Ruud Kuijer (born 8 June 1959 in Schalkwijk) is a Dutch sculptor, particularly known for his Water works, a group of seven large-scale sculptures on the strip between Isotopenweg and the Amsterdam-Rhine Canal in Utrecht, The Netherlands.

==Life and work==
After studying at St. Joost Academy of Art and Design in 's-Hertogenbosch from 1981 to 1984 and after having completed a postgraduate course at Jan van Eyck Academy in Maastricht from 1984 tot 1986, Ruud Kuijer went to live and work in Utrecht. As a sculptor, Ruud Kuijer became famous for his abstract sculptures in which he often incorporated recognisable shapes. The main focus of his work is the purely sculptural articulation of space which may or may not include references to content outside the sculpture.

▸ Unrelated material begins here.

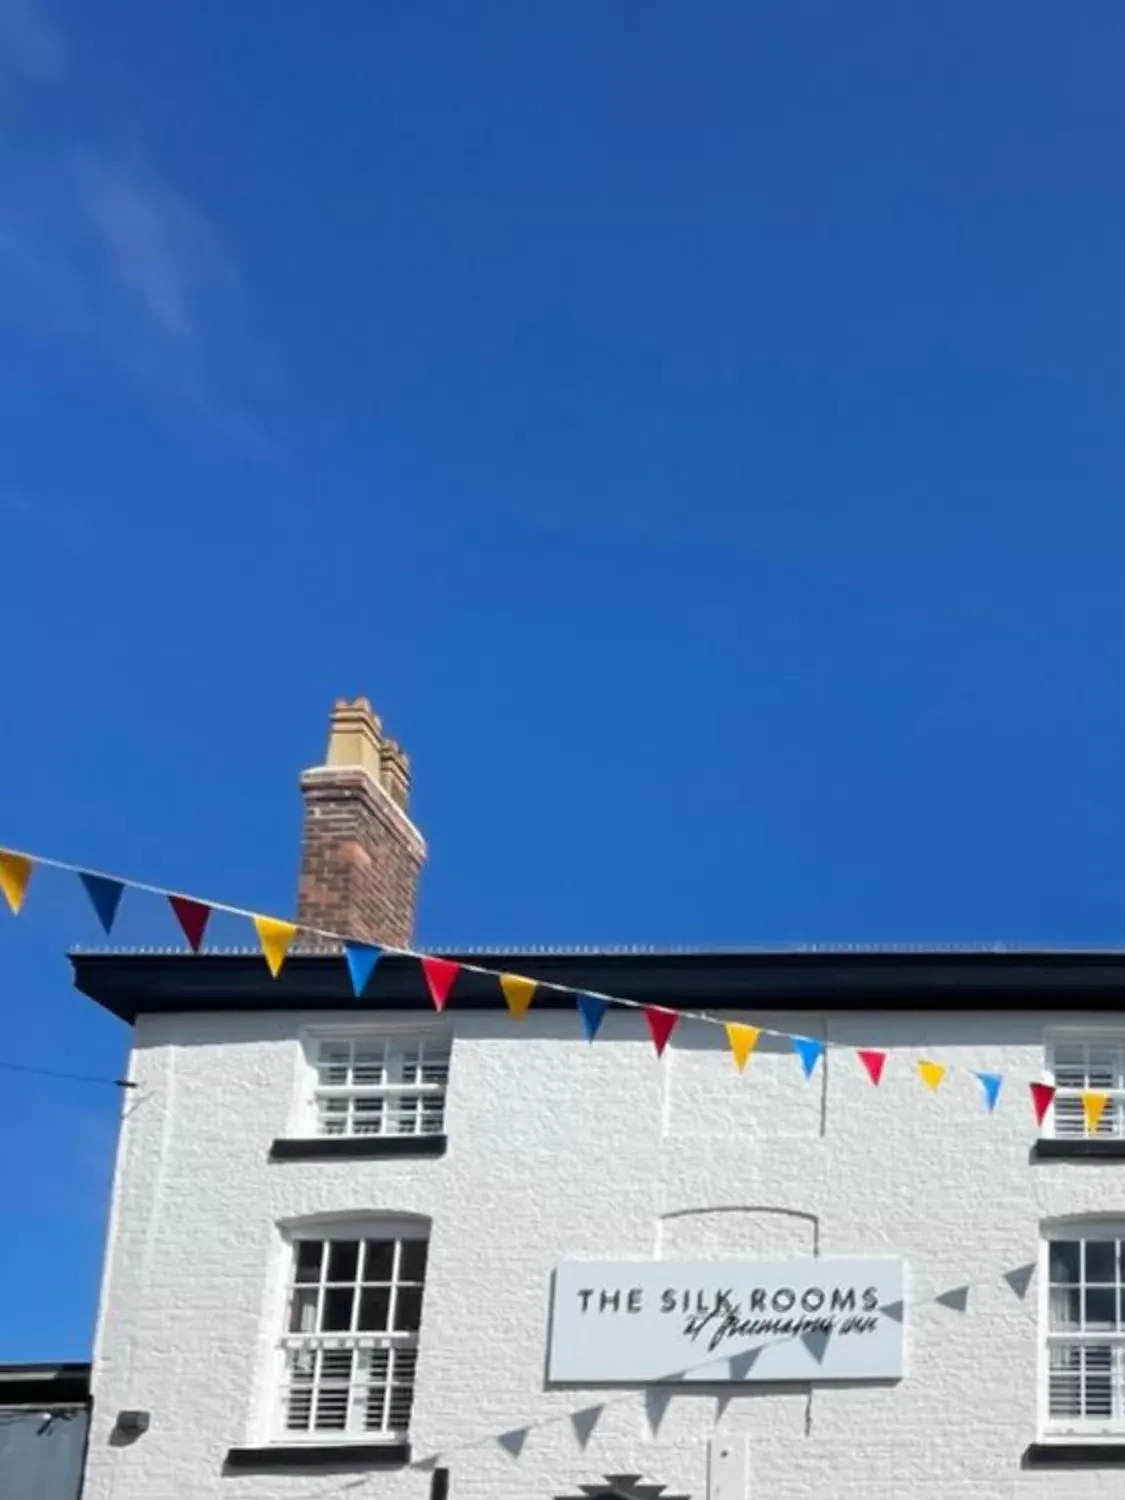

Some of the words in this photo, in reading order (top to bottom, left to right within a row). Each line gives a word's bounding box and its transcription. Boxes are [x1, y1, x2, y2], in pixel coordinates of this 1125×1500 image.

[577, 1288, 643, 1313] THE
[660, 1287, 733, 1314] SILK
[750, 1287, 879, 1313] ROOMS

Tradition and recent sculpture tradition play a significant role in his work, as does the continual desire to transcend these. Originally the focus was on finding and using the plastic qualities and expressive possibilities offered by the properties of ordinary materials such as iron, screw thread, carpet, rope, wood and concrete. These materials have little or no history when it comes to art. In recent years concrete has been the dominant material. Ruud Kuijer also works as a teacher. From 1992 to 1997 he taught at the Academy in Den Bosch and from 2007 to 2008 at the Academy of Arts in Berlin.

== Sculptures 1985-2003 ==
Between 1985 and 2003 he produced various series of sculptures whereby his point of departure was the specific possibilities offered by the materials used. In the sculptures belonging to the group entitled 'Staan/Liggen/Hangen/Leunen' (Standing/Lying Down/Hanging/Leaning) (1985-1992), the primary (structural) and secondary qualities (skin and colour) of various materials are coordinated and contrasted. These sculptures focus primarily on the concept of gravity: the individual weight of each separate part is rendered visible in the whole. The group entitled 'Gegalvaniseerd IJzer/Beton' (Galvanised Iron/Concrete) (1992-2001) is limited to the two materials stated. The galvanised iron comes from street furniture and other forms which, of course, have to be protected against rust. In this group, concrete is expressed simultaneously as a form and a link. The 'Draadeindsculpturen' (Threaded End Sculptures) (1996-2003) are an attempt to neutralise the rigid mechanics of nuts and bolts. The focus is on the inherent qualities of screw thread: it can act as both a line and a link. Physical concepts such as compressive and tensile force also become visible, particularly in combination with other forms or materials.

== Waterworks ==
Since 2001 Kuijer has been working on a group of seven large-scale sculptures on the strip between Isotopenweg and the Amsterdam-Rhine Canal, at Lage Weide industrial estate in Utrecht. These monumental, concrete sculptures are 12 metres high and up to 14 metres long. They are made from a single piece and a single material. In other words, they are monolithic sculptures. They basically consist of two materials: concrete and reinforcing rods.

The sculptures project has been specially made for the location. The group establishes relationships at a number of different levels with water and transport, and with the industrial surroundings of Lage Weide industrial estate. The sculptures contrast with the purely functional surroundings and add a human dimension to the immense and expansive area. Kuijer used forms based on the scale of our own body as a mould. The sculptures contain references to water, for example, a moulded rowing boat, surfboard and a garden pond.

One specific possibility offered by concrete is making imprints. Water Work IV Overstag (Go About) uses, more so than in the other sculptures, the richly contrasting and expressive possibilities of the sculptor's skin.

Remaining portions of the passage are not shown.